Mit „Verschwörung“ („conspiracy“) (I) und „Verbrechen gegen den Frieden“ (II) waren vor allem die planmäßige Vorbereitung und Durchführung von Angriffskriegen gegen die Nachbarstaaten gemeint, mit „Kriegsverbrechen“ (III)  vor allem Verbrechen bei der Kriegführung, Verbrechen gegen die Zivilbevölkerung und an Kriegsgefangenen, mit „Verbrechen gegen die Menschheit/Menschlichkeit“ („crimes against humanity“) (IV) waren vor allem Massenhinrichtungen und andere, „atrocities“ genannte Massenverbrechen an Zivilbevölkerungen gemeint.

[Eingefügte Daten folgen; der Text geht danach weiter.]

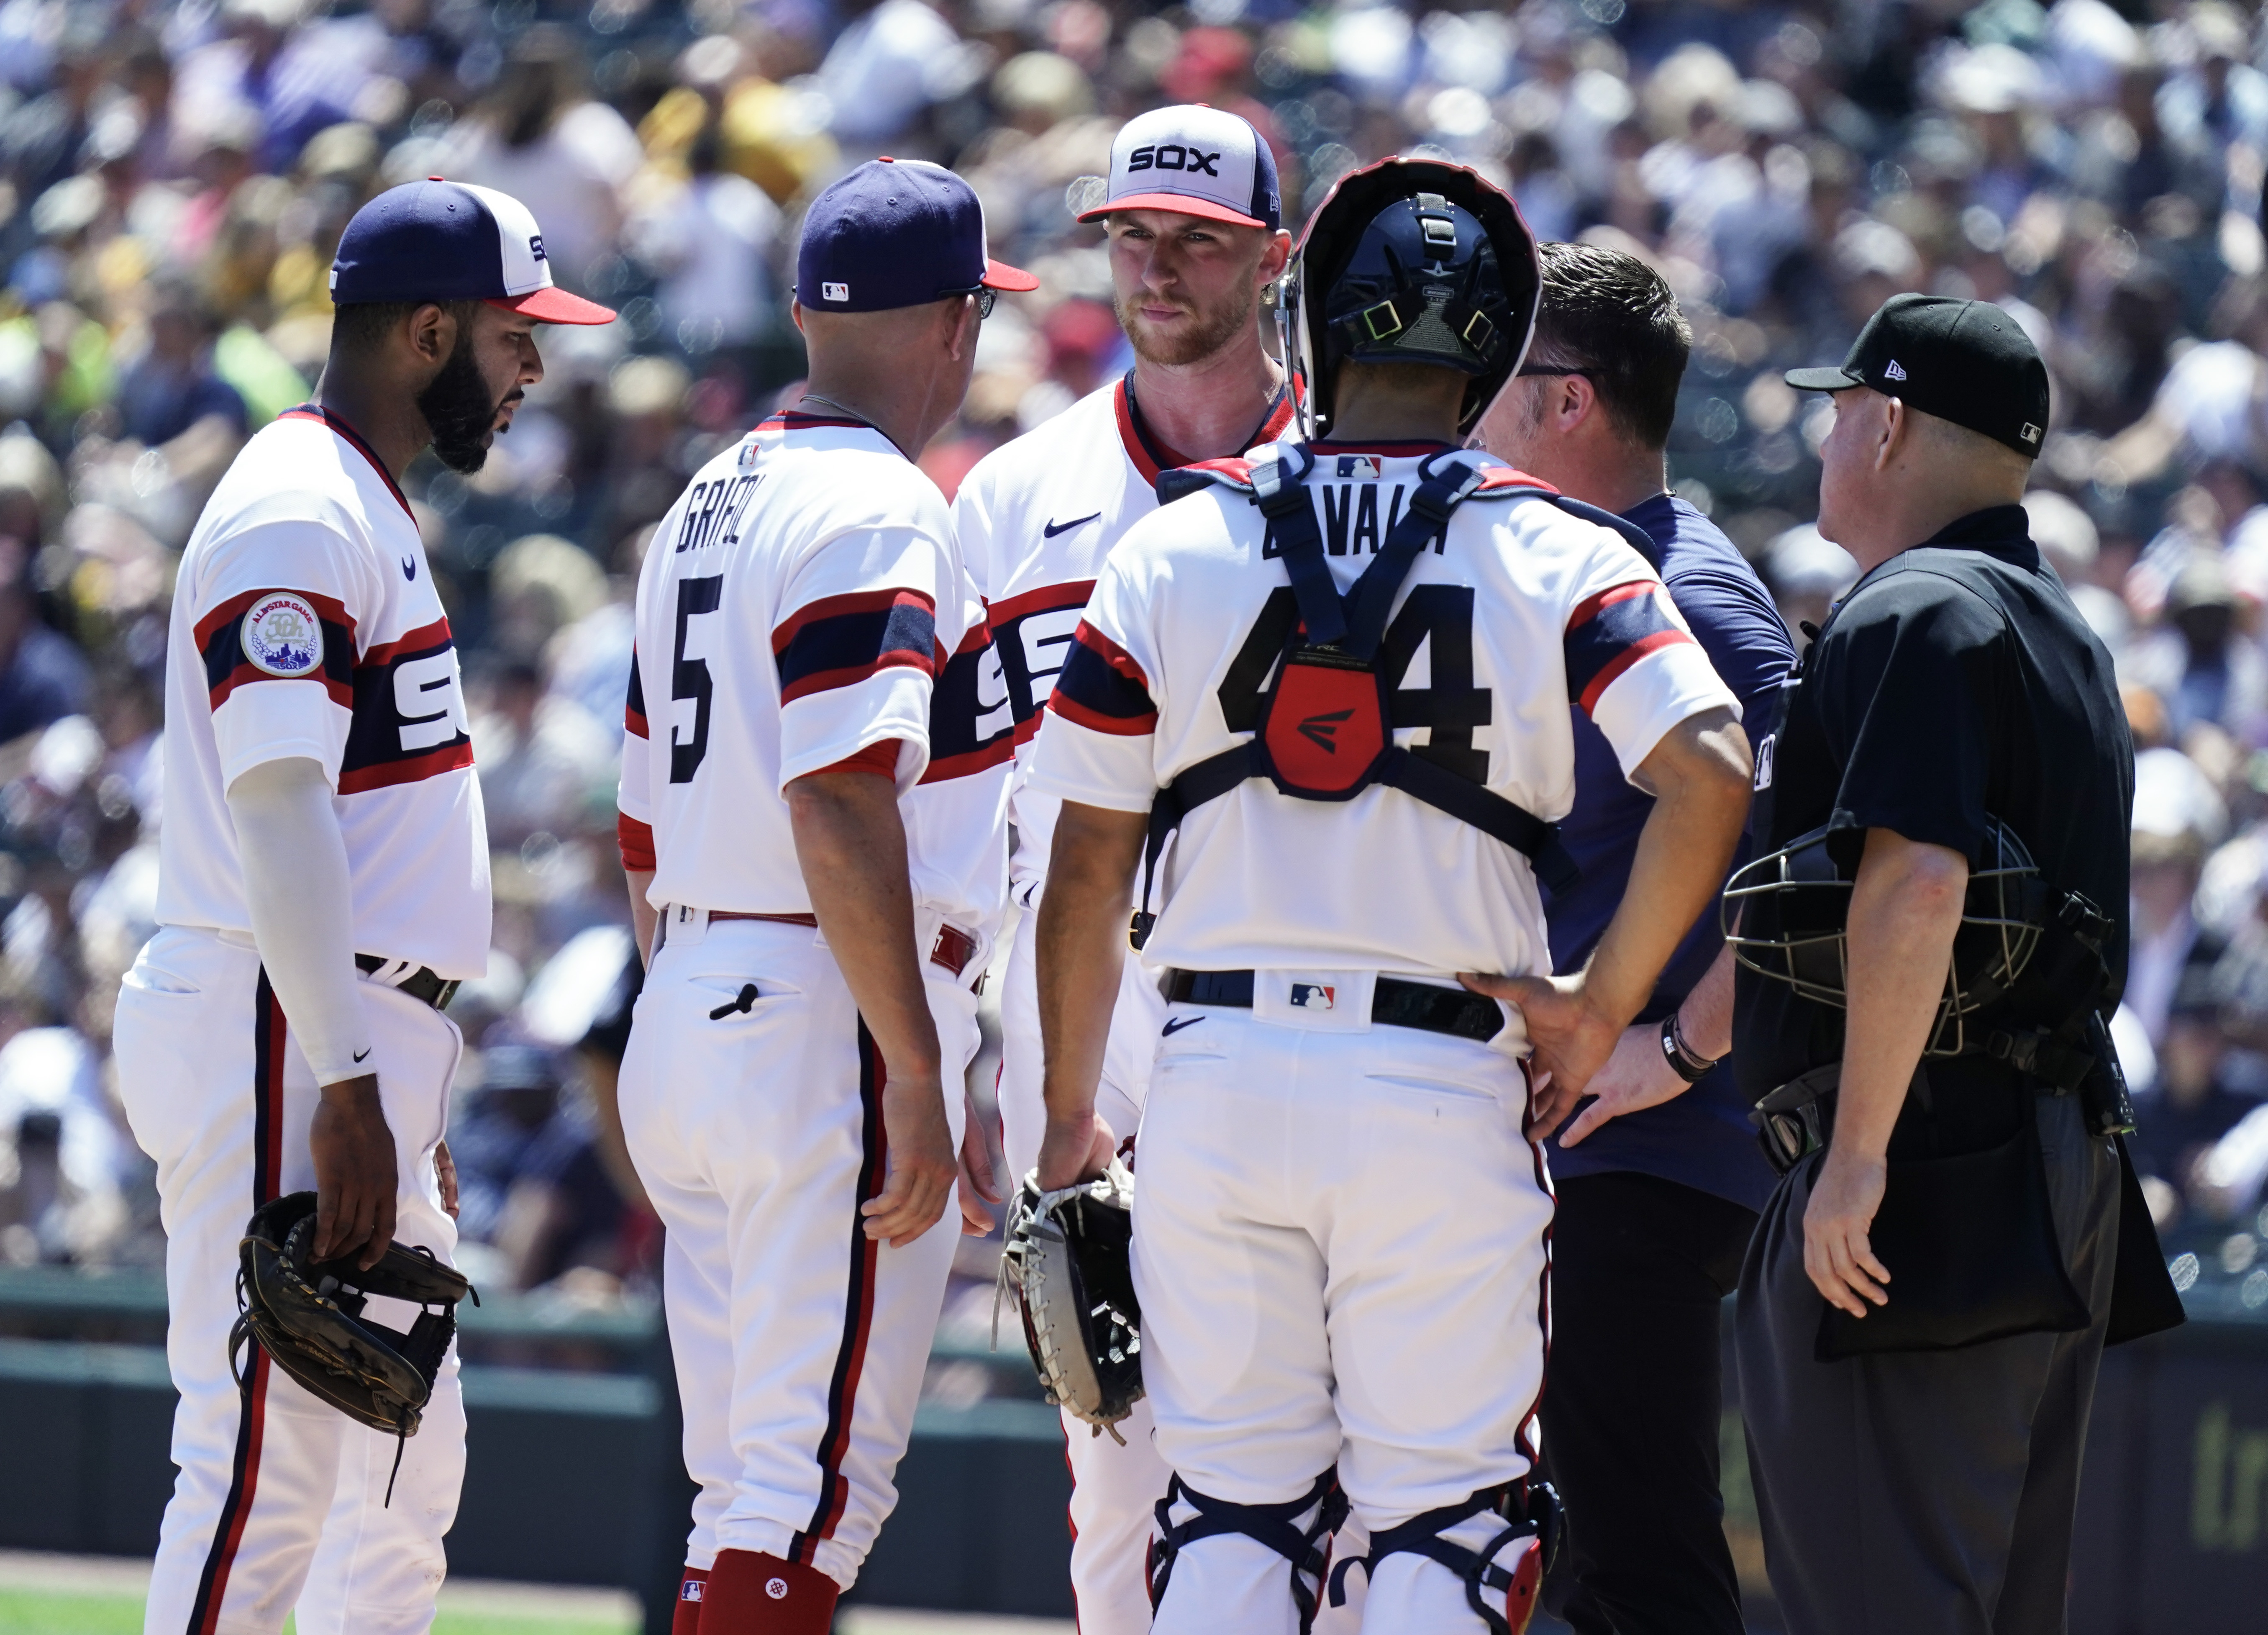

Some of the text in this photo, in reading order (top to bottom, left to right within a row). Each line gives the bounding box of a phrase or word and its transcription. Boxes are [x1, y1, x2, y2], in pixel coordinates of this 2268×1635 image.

[1128, 144, 1220, 177] SOX
[529, 235, 547, 262] S
[267, 601, 291, 611] STAR
[291, 603, 313, 624] GAME
[670, 574, 724, 784] 5

Man bemühte sich dabei, verantwortliche Vertreter aus   a l l e n  Bereichen des NS-Regimes, also aus Regierung, Staat, Partei, Militär, Wirtschaft, Polizei und Organisationen vor (das) Gericht zu bringen. Kriegsverbrecher, die wegen Verbrechens in nur  e i n e m  Staat angeklagt werden sollten, wurden an das betreffende Land ausgeliefert. Nürnberg war das Internationale Gericht.

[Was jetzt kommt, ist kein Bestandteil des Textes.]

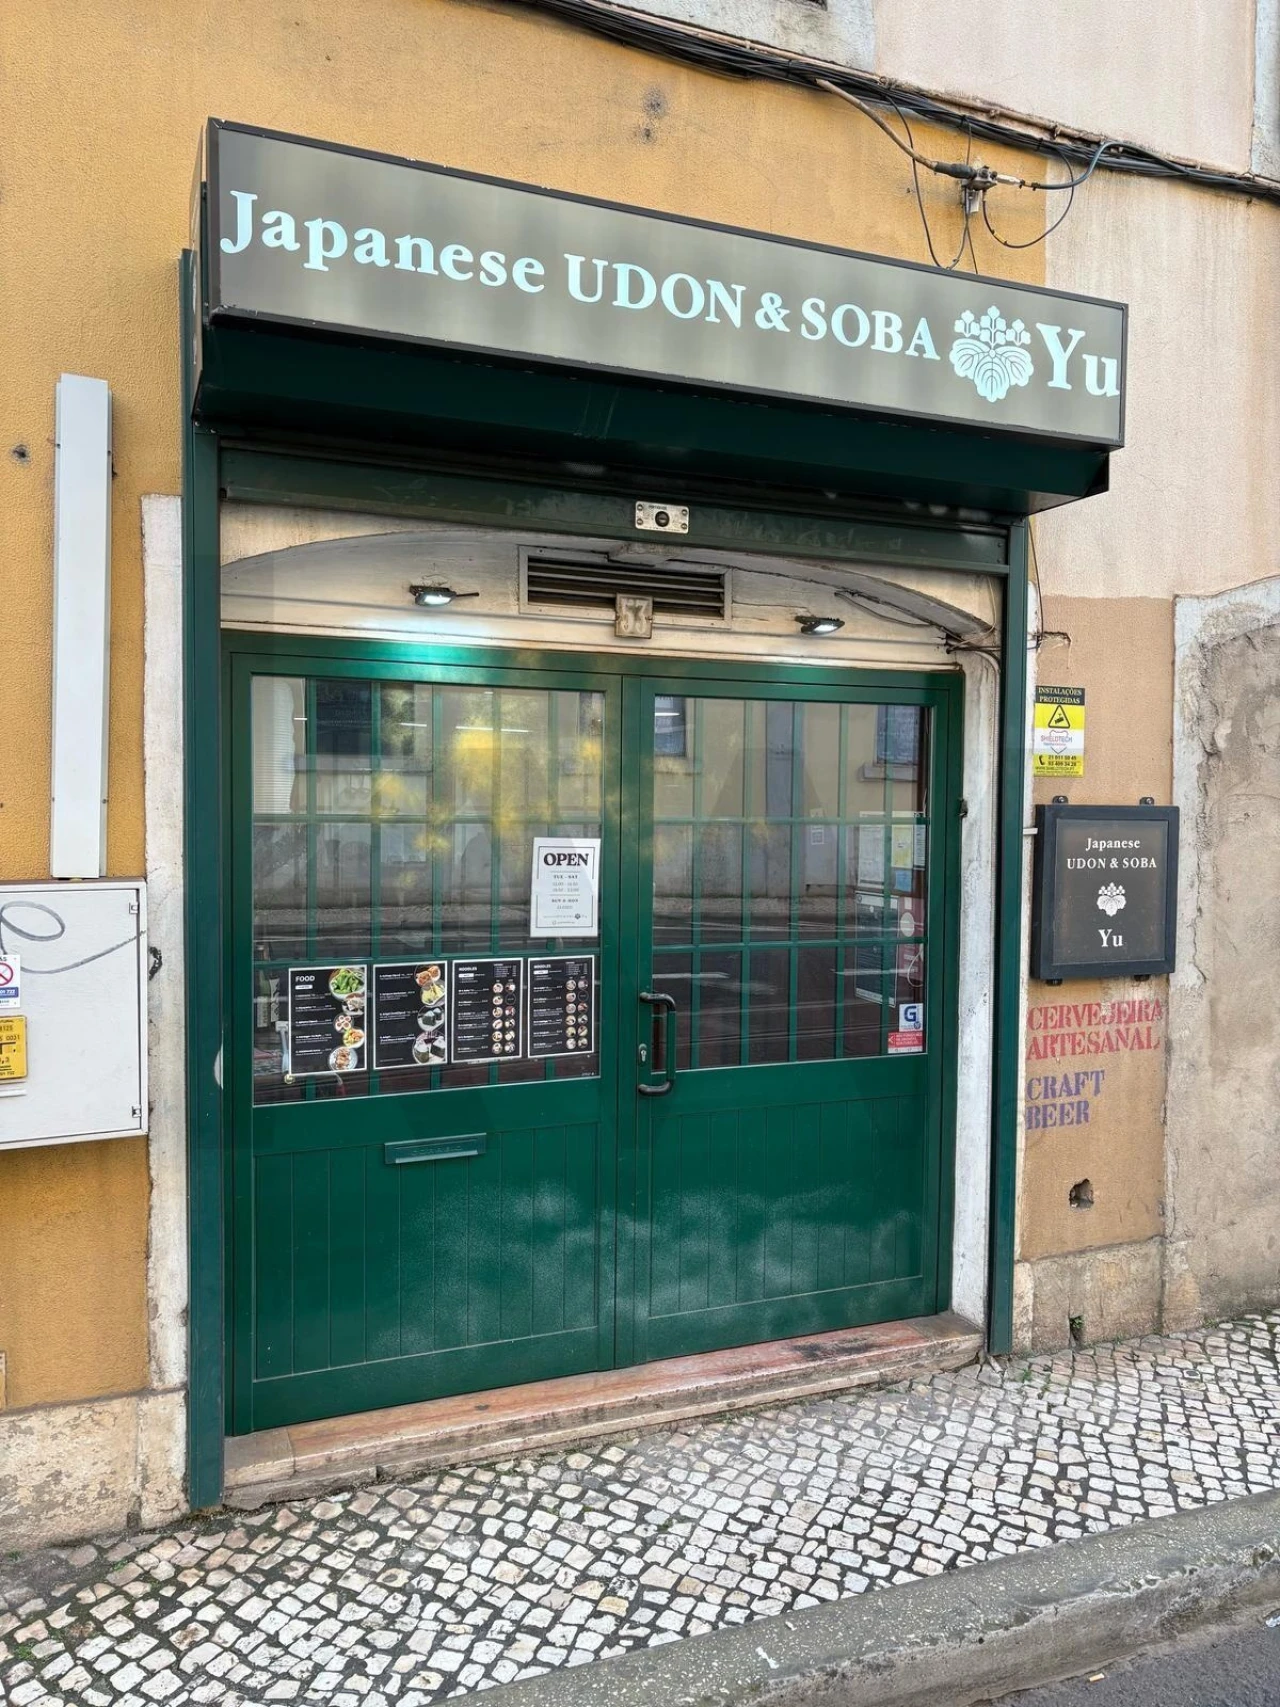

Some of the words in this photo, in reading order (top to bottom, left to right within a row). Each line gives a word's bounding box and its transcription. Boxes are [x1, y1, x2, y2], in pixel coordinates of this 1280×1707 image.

[219, 190, 545, 293] Japanese
[563, 253, 746, 328] UDON
[754, 291, 791, 333] &
[800, 297, 941, 360] SOBA
[1036, 322, 1120, 397] Yu
[1038, 686, 1082, 697] INSTALAÇÕES
[1039, 695, 1080, 704] PROTEGIDAS
[1086, 838, 1140, 851] Japanese
[543, 853, 589, 866] OPEN
[1067, 858, 1106, 869] UDON
[1109, 858, 1119, 869] &
[1122, 858, 1157, 869] SOBA
[1098, 929, 1124, 947] Yu
[904, 1005, 917, 1022] G
[1027, 998, 1164, 1031] CERVEJEIRA
[1026, 1026, 1160, 1060] ARTESANAL
[1026, 1069, 1105, 1101] CRAFT
[1025, 1100, 1090, 1130] BEER

Als „verbrecherische Organisationen“, die an dem gemeinsamen Plan (I) entscheidend mitgearbeitet hatten, wurden eingestuft: NSDAP, SS, SD und Gestapo.

Beweise der Wahrheit:  Deutsche Akten, prominente Zeugen, Filme!

Alle Vorwürfe gegen die Angeklagten entsprachen der Wahrheit, weil sie allesamt bewiesen werden konnten mit Massen von deutschen Dokumenten und deutschen Akten, die bei den Tätern gefunden wurden und die von ihnen eigenhändig unterschrieben waren: Exakte deutsche Buchführung über den Massenmord, über Befehle und Vollzug! Bemerkenswert ist, dass die Wahrheit der dargestellten Vorwürfe von den Verteidigern daher nie in Frage gestellt worden ist. Der Vorwurf der „antideutschen Propaganda“ kam bei der Vorführung von KZ-Filmen in deutschen Städten auf. Nicht aber in Nürnberg.  Den Anwälten konnte es nur darum gehen, die Verantwortlichkeit der Angeklagten zurückzuweisen und juristische Einwände gegen den Prozess zu formulieren.

Angesichts der unfassbaren Dimensionen der Naziverbrechen vom Atlantik bis zum Ural und von Norwegen bis Griechenland ist es müßig, nach problematischen juristischen Aspekten bei dem Prozess zu suchen. Diese gab es zweifelsohne und mit Menschen, die diese problematischen Aspekte seriös diskutieren wollen, muss man das auch diskutieren. Nicht aber mit Nazis und ihren geistigen Komplizen.

Der verheerende Krieg war gerade erst zu Ende gegangen. Viel Zeit zur Vorbereitung und Aufbereitung des Beweismaterials war nicht vorhanden. Allerdings hatten die Alliierten schon Jahre zuvor mit dem Sammeln von Dokumenten über Kriegsverbrechen begonnen.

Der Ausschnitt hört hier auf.